One thing no one told us about Los Angeles is that it’s one of the loneliest cities in the world. Everyone who lives here knows this, but we did not. Its flat constant beauty summons you outside, and then there you are: outside. You and the coyotes and the palm trees and the guys hoping to get work on How to Get Away with Murder. Neither of us had moved since we were embryos, basically. I kept getting stuck on elemental things, like what to wear. How do you dress when the weather requires absolutely nothing of you? New York was the place I grew up, and what I wore there was a blandly literal expression of the person I grew into: prideful but mostly anonymous, quiet but, hopefully, tasteful. In Los Angeles, a city that prizes none of those qualities, half my wardrobe—dark blue sweaters, scuffed-up sneakers, clothes that could go from a rainy sidewalk to a neon-lit subway car to a stylish office and back, in the New York way—seemed effectively useless. The other half made me feel like I still lived in New York but was somehow trapped here, visiting. It was a sensation I began to know well: that dislocated feeling, like being on a permanent vacation from the world I knew to be real.

And then I began to know it even better. Thirteen days after we left New York, I learned that my mother had been diagnosed with breast cancer. I was back in the city on a reporting trip when my father e-mailed my sister and me and told us we should find each other and expect a phone call. We sat around the phone in my sister’s Brooklyn apartment while she wrote the facts down on a blue Post-it note. Metaplastic—a form of cancer so rare, my physician father told us, there was no established treatment. Her doctors had decided to treat it like its closest analogue, another form of breast cancer I’d never heard of: triple negative. It was a Friday night. My mother was about 90 miles away, at home in Philadelphia, her voice parabolic with fear. My sister and I went out and drank ourselves blind. The next morning, drenched in helplessness, I got on a plane back to Los Angeles.

It was Amanda who first intuited what I was doing. I was dealing with some things, she knew that, and she was trying to give me space—but had I noticed, perhaps when I looked in the mirror, that every day I was wearing something radically different from the last? As though the clothes I owned were a deck of cards and I was absentmindedly shuffling them. This would’ve been unremarkable given what I’d moved to Los Angeles with. But I’d been shopping. I’d been replacing the things I owned with… I guess I wasn’t sure what these new things were.
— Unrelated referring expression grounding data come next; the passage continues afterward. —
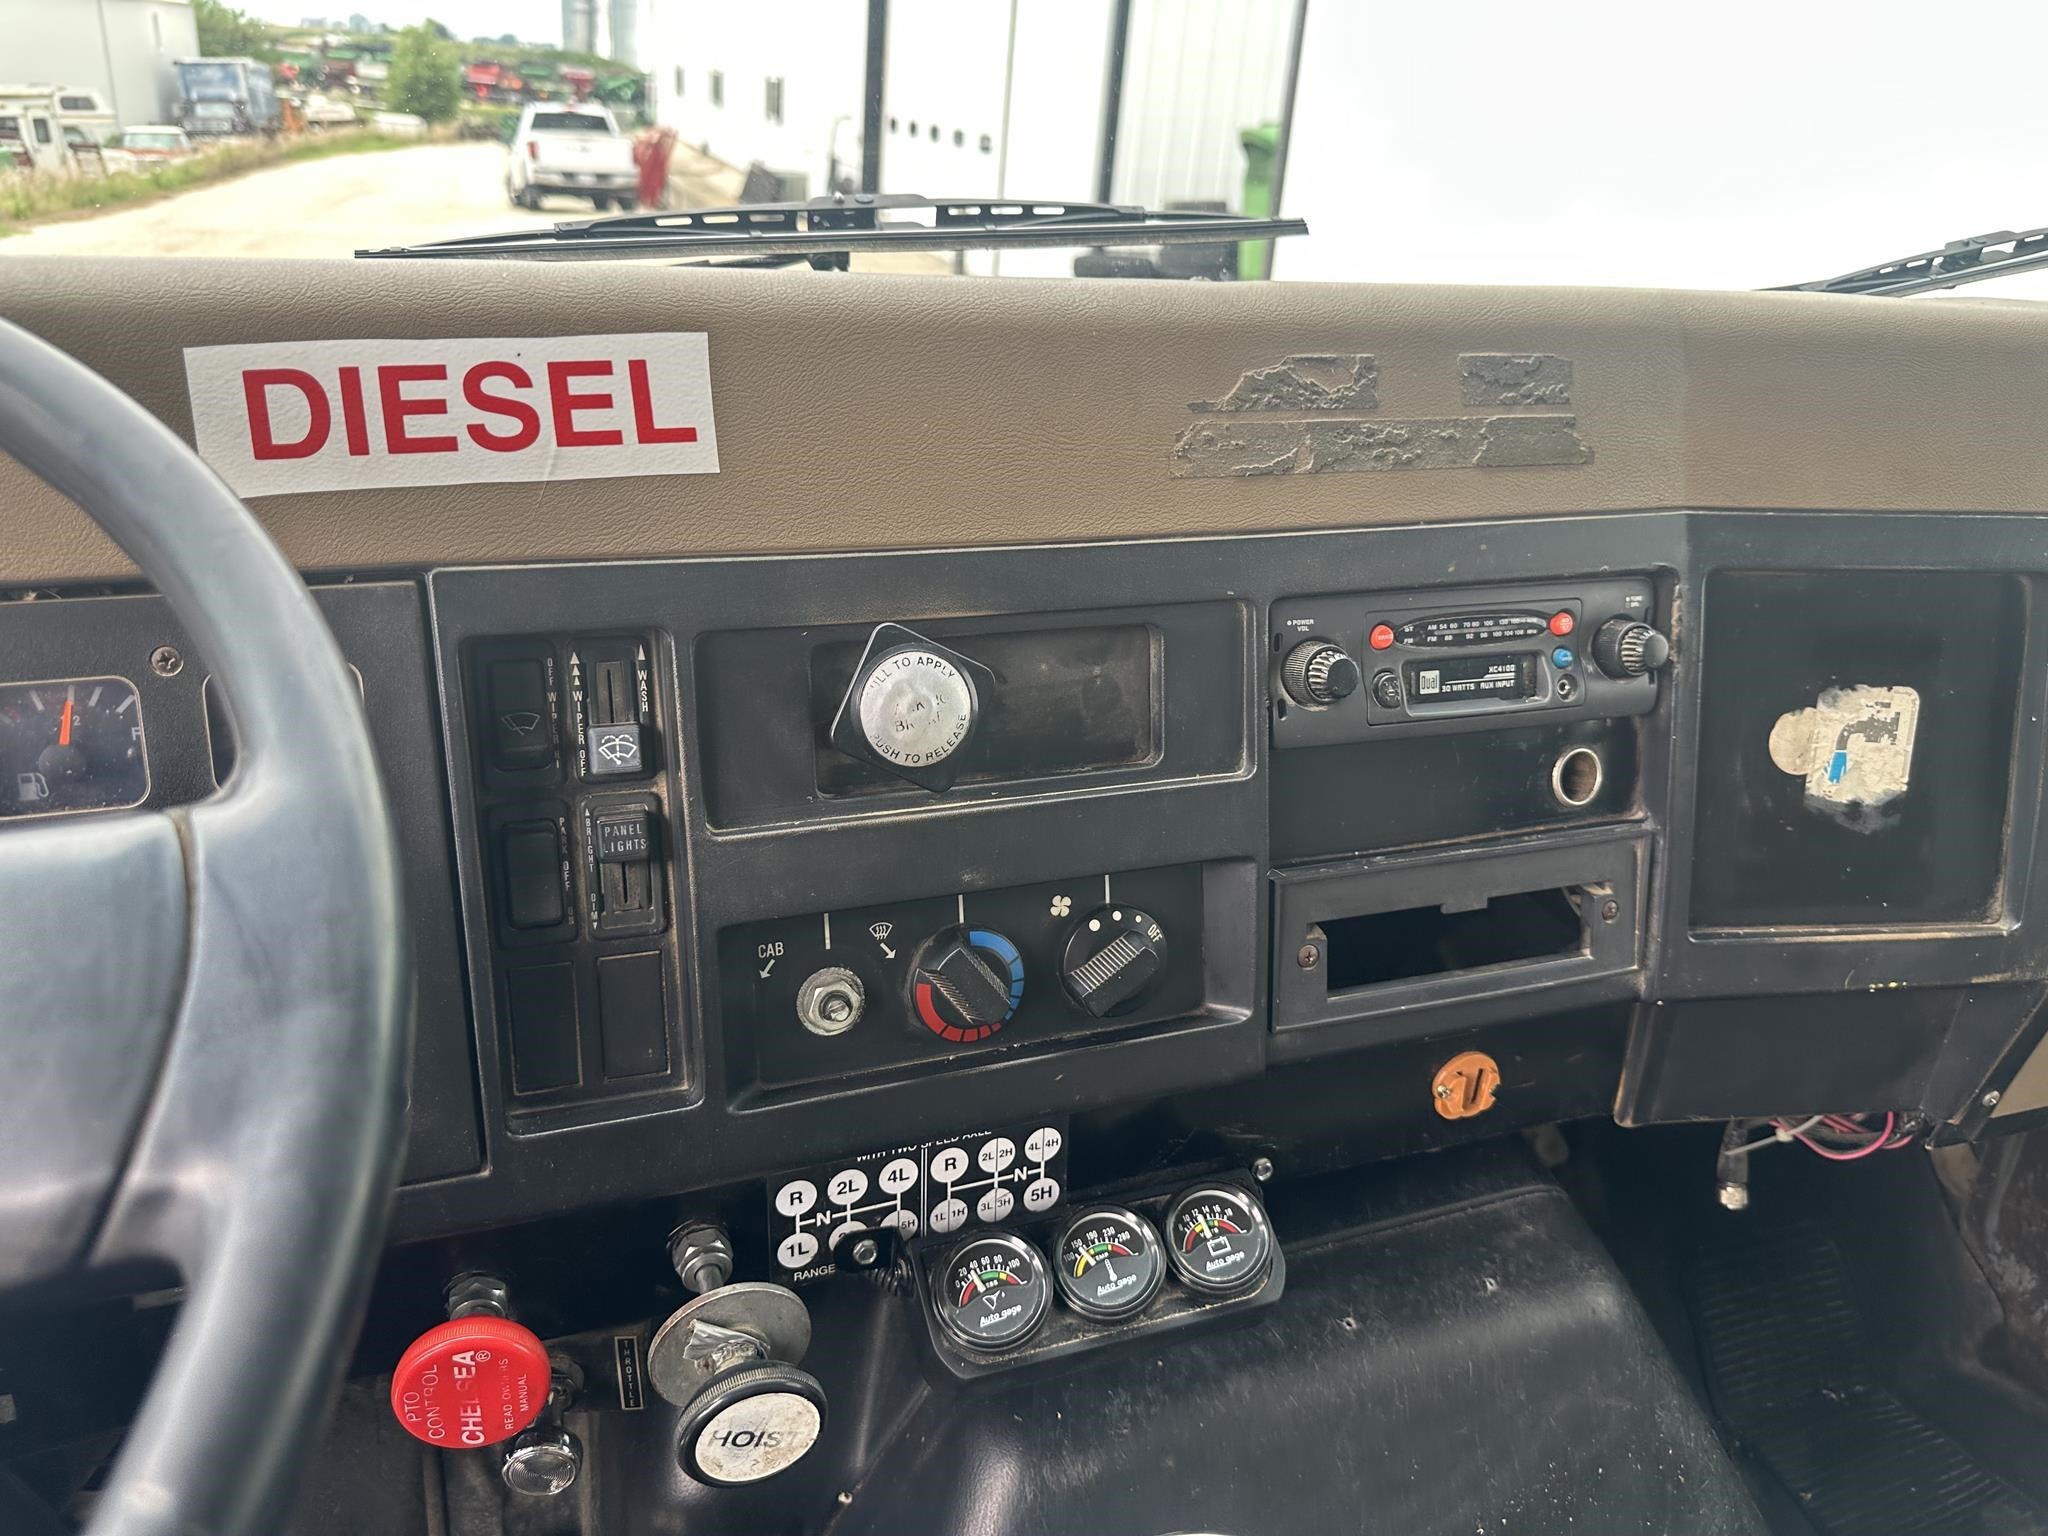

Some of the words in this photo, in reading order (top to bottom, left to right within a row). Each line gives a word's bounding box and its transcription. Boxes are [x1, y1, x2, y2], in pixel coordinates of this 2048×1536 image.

[242, 359, 698, 461] DIESEL
[893, 656, 911, 669] TO
[917, 656, 956, 680] APPLY
[1421, 674, 1439, 691] Dual
[1452, 683, 1475, 692] WATTS
[1480, 681, 1495, 690] AUX
[1495, 680, 1516, 688] INPUT
[637, 669, 649, 713] WASH
[572, 690, 585, 745] WIPER
[579, 750, 588, 777] OFF
[904, 753, 921, 764] TO
[926, 713, 968, 762] RELEASE
[604, 823, 643, 837] PANEL
[585, 818, 595, 873] BRIGHT
[1146, 923, 1163, 945] OFF
[758, 941, 784, 959] CAB
[1028, 1141, 1041, 1151] 4L
[1045, 1138, 1059, 1148] 4H
[982, 1152, 995, 1162] 2L
[999, 1148, 1013, 1158] 2H
[944, 1157, 957, 1172] R
[887, 1170, 910, 1183] 4L
[1014, 1166, 1028, 1182] N
[837, 1179, 860, 1196] 2L
[1031, 1185, 1053, 1202] 5H
[789, 1191, 804, 1206] R
[997, 1197, 1011, 1208] 3H
[952, 1207, 966, 1218] 1H
[981, 1201, 993, 1212] 3L
[1191, 1208, 1200, 1217] 12
[1201, 1204, 1210, 1213] 14
[1212, 1204, 1221, 1213] 16
[816, 1210, 831, 1227] N
[901, 1219, 915, 1230] 5H
[934, 1213, 946, 1222] 1L
[1086, 1230, 1098, 1241] 190
[1102, 1226, 1116, 1237] 230
[787, 1242, 810, 1257] 1L
[1071, 1238, 1083, 1249] 150
[980, 1255, 990, 1265] 60
[993, 1254, 1003, 1264] 80
[1008, 1258, 1021, 1269] 100
[1063, 1251, 1075, 1262] 100
[1206, 1258, 1225, 1271] Auto
[1225, 1251, 1245, 1263] gage
[793, 1263, 837, 1281] RANGE
[958, 1266, 968, 1277] 20
[969, 1260, 979, 1269] 40
[1097, 1283, 1116, 1295] Auto
[1116, 1274, 1137, 1287] gage
[980, 1312, 1000, 1325] Auto
[1001, 1304, 1022, 1318] gage
[623, 1340, 635, 1407] THROTTLE
[518, 1374, 529, 1412] MANUAL
[403, 1391, 422, 1422] PTO
[421, 1364, 446, 1439] CONTROL
[503, 1404, 514, 1430] READ
It started in a clothing store in Culver City—I’d gone there with a close friend of mine, Sean, and our partners. Sean knew the co-founder, Josh Peskowitz, a little. Josh had gone into business with Levi’s to make these jeans—they were 501s but cut wider, with extra panels of denim sewn into the legs, hemmed comically high, around the mid-calf. They were…clown pants. Sean wouldn’t even come out of his dressing room with them on. I did and was rewarded with Amanda’s disbelieving laughter. For whatever reason, I carried them to the register anyway. Maybe because they made me feel like someone other than myself. Or because I wanted to go on the offensive against what was happening to my family, and this was the dumb reptile way I chose to fight back. All I really know for sure is that I became their owner. And then I kept going.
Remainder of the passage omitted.